К мечтателю он относился с почтительной нежностью. Вскоре после знакомства он обнаружил, что мечтатель не любил ни молчаливых, ни слишком разговорчивых собеседников: первые упорным молчанием не будили в нем жара мыслей, вторые доводили до задорного бешенства, после которого наступало изнеможение, когда не оставалось сил вымолвить слово, кровь проступала в углах побелевшего рта.
Да, это было истинной битвой за истину.
Он любил мечтателя в эти мгновения и часто сам спорил с ним, стараясь выглядеть равнодушным, лишь для того, чтобы дать подходящую пищу, и упивался горячностью духа, блеском ума. Он умел замечать, когда спор приближался к опасной черте, и вовремя уступал, нацепив свою полусонную маску, жар мечтателя падал, спор превращался в беседу. Без гнева и сострадания он не мог наблюдать, как беспечные посетители доводили мечтателя до кипения. Он старался не бывать у него, когда тот готовил статьи. Он подстерегал часы короткого отдыха, когда мечтатель маялся и скучал, вяло бродя из угла в угол или валясь на старом диване, похожий на мертвеца. Сизыми становились усталые веки. Изглоданное чахоткой лицо зеленело румянцем. Поверхностное дыхание не ощущалось совсем.

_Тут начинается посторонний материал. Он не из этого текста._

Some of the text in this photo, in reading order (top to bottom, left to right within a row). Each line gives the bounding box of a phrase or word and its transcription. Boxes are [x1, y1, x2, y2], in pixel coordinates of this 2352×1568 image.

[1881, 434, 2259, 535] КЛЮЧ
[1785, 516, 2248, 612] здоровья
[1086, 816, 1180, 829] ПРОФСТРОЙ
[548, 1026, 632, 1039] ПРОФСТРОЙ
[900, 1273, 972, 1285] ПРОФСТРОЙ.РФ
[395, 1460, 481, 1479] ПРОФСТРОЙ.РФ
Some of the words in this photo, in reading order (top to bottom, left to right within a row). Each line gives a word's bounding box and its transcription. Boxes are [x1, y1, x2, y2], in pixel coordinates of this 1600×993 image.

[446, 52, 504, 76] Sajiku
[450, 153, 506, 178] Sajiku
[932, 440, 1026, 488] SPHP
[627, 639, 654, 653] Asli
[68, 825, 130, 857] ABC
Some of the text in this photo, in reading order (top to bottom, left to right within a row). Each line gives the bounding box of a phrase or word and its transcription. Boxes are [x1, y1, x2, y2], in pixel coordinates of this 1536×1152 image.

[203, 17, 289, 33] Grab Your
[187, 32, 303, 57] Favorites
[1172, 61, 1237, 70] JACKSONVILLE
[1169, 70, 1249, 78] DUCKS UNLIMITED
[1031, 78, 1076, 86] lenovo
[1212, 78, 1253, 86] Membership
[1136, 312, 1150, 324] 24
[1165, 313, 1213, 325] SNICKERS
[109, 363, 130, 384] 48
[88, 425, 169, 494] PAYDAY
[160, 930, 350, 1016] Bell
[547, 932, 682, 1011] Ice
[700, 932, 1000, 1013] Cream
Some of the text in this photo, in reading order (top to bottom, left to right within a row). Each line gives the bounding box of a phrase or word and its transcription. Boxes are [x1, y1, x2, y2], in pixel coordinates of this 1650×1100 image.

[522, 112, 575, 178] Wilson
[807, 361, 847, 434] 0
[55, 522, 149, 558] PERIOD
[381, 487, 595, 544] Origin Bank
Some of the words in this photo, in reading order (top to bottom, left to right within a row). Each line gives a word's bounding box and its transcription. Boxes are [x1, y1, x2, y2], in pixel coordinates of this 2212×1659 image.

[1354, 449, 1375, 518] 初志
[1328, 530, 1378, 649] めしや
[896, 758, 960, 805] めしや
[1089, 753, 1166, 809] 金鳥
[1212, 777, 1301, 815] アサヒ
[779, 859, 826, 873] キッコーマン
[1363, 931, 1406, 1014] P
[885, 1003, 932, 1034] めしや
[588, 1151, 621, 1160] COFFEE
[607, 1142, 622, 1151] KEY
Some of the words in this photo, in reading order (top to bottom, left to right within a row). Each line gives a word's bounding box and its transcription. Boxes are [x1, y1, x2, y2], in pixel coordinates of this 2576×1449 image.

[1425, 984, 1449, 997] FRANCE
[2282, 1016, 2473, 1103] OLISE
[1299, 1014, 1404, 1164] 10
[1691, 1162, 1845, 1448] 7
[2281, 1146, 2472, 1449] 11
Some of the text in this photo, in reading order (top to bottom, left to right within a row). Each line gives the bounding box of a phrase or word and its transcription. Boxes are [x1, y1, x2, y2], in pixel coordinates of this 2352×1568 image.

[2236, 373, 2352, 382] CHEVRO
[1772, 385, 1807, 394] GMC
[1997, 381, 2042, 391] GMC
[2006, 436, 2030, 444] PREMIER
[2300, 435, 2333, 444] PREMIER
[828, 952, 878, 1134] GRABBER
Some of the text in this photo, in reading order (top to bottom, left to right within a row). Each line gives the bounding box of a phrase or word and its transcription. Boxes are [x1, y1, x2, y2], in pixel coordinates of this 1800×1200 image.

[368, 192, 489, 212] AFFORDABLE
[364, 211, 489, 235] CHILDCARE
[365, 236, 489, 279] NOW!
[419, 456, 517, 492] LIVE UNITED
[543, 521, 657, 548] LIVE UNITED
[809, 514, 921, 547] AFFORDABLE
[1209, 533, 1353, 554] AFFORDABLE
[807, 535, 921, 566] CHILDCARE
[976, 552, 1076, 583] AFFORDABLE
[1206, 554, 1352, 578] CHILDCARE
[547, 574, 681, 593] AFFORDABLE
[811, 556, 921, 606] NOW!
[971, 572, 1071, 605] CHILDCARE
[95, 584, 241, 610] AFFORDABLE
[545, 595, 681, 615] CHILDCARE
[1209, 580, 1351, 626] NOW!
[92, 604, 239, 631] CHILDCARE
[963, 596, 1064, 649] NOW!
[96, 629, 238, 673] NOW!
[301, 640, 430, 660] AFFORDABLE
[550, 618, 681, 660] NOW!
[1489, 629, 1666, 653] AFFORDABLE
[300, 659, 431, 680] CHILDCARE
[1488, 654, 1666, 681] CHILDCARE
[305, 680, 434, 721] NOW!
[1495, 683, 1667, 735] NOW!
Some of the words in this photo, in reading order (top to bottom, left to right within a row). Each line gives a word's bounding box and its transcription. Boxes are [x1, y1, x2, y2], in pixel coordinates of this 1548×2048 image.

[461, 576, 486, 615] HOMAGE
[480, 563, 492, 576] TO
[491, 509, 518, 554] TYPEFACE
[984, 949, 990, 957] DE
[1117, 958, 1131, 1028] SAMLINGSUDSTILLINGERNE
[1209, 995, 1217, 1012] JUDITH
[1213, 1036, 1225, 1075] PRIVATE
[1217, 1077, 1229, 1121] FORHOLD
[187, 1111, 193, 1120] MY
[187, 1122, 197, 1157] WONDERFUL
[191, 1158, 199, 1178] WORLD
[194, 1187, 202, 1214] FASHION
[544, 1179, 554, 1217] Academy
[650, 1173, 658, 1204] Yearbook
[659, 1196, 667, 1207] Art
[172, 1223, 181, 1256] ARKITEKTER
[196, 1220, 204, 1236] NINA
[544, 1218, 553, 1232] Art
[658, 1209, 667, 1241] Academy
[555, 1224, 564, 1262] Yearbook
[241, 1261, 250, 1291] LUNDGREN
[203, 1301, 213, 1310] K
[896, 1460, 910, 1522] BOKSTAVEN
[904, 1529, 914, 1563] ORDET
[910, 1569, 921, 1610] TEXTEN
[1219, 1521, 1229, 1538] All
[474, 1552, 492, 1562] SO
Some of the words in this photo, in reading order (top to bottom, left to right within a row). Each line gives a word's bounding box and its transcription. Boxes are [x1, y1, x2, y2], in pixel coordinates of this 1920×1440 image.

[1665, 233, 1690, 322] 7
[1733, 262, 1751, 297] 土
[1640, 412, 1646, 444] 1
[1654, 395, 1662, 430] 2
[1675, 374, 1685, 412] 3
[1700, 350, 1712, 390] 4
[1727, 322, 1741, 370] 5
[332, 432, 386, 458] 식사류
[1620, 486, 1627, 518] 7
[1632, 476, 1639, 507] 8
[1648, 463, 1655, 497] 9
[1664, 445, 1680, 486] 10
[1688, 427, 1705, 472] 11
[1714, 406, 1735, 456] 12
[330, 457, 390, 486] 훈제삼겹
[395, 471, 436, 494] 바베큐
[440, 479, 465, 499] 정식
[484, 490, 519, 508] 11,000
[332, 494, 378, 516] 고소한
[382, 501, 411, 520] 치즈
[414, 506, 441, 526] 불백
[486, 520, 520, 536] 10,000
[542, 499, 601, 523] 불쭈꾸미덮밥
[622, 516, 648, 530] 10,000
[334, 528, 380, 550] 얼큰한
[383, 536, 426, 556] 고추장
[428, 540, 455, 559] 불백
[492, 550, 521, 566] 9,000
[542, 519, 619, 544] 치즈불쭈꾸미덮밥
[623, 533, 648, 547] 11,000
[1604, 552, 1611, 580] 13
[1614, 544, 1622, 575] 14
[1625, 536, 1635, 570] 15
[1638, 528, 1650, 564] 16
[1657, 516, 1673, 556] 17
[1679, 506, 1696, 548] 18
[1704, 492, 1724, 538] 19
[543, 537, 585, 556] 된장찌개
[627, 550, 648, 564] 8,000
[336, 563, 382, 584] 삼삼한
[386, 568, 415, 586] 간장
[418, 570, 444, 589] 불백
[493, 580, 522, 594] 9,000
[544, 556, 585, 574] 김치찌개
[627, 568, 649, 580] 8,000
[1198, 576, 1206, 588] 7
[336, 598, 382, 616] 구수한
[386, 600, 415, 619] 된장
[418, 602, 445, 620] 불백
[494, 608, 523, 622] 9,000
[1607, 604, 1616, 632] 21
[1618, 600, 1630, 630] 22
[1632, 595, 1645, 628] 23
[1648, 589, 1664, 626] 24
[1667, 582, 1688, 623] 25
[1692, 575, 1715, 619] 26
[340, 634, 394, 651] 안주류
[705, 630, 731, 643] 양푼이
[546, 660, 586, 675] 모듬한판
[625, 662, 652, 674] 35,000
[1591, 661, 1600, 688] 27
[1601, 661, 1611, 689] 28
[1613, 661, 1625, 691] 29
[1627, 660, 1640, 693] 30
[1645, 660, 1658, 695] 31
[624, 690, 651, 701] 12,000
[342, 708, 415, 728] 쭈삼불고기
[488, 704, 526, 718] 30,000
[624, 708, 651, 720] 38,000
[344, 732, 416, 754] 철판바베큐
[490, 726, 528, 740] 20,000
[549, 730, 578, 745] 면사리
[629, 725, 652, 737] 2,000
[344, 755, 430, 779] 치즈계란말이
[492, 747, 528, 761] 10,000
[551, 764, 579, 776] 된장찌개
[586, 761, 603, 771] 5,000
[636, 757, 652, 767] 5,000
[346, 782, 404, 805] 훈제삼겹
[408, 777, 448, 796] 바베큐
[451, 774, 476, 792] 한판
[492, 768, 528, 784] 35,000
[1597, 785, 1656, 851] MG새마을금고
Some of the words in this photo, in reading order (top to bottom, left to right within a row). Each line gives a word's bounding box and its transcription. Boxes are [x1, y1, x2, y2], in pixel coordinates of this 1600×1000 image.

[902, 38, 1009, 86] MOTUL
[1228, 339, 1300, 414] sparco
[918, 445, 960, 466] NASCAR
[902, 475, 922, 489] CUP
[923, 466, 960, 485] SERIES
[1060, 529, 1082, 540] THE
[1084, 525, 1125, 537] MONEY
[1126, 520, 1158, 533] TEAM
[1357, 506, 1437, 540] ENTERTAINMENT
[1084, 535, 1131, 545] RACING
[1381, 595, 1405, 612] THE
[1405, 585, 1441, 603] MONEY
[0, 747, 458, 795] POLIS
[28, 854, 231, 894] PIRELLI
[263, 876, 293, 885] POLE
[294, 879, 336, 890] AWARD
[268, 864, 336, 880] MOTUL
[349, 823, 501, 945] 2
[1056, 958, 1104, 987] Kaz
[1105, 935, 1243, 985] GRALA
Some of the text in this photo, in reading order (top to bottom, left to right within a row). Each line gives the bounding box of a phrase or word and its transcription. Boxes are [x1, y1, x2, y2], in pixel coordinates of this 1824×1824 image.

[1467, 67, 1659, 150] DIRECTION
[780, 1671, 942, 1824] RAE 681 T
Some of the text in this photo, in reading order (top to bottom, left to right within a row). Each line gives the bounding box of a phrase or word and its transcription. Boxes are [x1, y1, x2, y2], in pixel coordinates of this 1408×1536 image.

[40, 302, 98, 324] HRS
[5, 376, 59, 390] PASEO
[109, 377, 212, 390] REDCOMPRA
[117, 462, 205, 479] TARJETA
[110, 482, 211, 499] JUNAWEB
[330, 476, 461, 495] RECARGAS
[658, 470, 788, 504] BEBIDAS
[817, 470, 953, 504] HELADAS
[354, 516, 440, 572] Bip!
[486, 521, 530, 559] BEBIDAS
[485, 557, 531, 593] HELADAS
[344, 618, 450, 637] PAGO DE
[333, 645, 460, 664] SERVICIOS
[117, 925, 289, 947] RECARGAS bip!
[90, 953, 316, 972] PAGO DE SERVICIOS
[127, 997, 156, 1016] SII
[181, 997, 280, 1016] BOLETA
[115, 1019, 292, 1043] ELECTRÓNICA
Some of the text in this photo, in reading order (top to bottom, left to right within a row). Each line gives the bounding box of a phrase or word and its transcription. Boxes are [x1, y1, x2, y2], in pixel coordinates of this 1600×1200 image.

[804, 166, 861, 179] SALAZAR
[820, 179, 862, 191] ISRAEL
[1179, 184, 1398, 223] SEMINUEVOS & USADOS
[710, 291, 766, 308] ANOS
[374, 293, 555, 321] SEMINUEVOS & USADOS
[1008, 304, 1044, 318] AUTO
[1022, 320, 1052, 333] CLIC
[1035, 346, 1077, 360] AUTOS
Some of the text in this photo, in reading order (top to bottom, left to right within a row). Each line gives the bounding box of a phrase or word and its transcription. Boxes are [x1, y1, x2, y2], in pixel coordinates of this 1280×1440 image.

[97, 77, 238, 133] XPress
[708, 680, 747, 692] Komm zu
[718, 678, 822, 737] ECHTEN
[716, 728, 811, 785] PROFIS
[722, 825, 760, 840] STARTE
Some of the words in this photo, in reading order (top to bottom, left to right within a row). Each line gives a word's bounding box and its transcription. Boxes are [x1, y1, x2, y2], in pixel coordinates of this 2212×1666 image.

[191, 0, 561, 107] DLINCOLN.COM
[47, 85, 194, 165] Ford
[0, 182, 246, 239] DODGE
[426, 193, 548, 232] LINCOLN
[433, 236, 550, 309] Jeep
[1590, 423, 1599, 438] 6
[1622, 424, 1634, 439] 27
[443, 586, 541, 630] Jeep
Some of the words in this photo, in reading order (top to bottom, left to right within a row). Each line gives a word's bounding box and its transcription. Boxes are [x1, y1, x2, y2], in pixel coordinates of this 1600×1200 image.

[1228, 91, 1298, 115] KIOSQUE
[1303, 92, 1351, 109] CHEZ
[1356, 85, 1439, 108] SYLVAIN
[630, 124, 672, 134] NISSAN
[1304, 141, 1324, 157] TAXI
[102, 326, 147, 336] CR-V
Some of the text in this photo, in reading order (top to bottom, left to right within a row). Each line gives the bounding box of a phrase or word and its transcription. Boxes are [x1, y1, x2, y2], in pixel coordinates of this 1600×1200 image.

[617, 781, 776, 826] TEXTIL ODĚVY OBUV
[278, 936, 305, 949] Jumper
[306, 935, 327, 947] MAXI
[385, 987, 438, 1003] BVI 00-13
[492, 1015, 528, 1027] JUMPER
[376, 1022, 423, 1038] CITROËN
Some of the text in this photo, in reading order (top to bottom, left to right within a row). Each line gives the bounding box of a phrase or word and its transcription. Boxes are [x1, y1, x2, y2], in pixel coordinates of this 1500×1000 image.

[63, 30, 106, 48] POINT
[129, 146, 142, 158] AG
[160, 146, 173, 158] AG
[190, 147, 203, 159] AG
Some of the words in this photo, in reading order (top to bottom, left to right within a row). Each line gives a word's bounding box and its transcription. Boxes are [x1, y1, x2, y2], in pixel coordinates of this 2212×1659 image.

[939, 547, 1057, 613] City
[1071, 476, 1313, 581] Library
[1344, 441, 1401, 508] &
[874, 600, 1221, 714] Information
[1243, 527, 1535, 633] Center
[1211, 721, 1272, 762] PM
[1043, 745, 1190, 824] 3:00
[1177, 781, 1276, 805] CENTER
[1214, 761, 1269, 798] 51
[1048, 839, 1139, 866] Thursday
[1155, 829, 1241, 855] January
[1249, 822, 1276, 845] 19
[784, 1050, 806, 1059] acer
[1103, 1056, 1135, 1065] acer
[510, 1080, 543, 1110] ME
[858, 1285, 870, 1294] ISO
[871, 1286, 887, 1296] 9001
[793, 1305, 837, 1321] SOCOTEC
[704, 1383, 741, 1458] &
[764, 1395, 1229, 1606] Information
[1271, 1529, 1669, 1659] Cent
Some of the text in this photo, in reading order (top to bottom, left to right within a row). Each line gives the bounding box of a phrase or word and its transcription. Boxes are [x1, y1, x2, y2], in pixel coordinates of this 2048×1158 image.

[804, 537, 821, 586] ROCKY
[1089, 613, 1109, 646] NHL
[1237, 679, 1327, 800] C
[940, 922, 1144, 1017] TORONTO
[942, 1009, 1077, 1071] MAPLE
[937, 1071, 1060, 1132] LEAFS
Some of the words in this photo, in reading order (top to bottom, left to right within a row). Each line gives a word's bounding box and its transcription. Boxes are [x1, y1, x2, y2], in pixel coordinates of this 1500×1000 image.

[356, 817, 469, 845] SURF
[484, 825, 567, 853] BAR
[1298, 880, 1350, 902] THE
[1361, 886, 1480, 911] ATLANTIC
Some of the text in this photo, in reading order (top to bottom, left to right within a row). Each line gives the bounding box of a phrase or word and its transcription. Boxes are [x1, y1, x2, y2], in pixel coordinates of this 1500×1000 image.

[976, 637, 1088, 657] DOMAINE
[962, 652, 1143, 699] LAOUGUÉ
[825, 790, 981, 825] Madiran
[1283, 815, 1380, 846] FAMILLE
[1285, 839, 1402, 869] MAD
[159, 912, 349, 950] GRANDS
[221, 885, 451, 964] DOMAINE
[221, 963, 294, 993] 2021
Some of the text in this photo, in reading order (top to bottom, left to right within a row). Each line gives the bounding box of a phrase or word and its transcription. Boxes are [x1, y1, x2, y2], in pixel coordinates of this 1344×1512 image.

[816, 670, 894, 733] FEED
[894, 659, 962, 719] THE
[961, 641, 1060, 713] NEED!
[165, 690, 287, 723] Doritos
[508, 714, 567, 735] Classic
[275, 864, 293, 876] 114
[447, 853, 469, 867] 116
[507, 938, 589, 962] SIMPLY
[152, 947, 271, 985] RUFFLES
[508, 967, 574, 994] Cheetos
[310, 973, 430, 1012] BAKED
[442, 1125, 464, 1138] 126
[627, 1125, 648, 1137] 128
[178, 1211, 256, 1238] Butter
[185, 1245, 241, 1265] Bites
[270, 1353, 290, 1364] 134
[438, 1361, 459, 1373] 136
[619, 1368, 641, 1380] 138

Мечтатель казался положенным заживо в гроб.
Но он только входил, осторожно ступая, боясь разбудить, помешать, как мечтатель, вздрогнув от малейшего шороха, открывал приветливые глаза, и нельзя было не видеть по ним, что мечтатель не спал, но продолжал с напряжением размышлять всё над тем же, всё об одном.
Они присаживался на обтерханный рыночный стул у дивана. Мечтатель начинал некрепким, но уже небесстрастным, едва слышным шепотом:
– Искусство издавна навлекало на себя нападки и ненависть моралистов, этих вампиров, которые мертвят жизнь холодом своего прикосновения и силятся заковать его бесконечность в тесные рамки и клеточки рассудочных, а не разумных определений. Из всех поэтов немец Гете наиболее возбуждал их ожесточение. Вы думаете, почему?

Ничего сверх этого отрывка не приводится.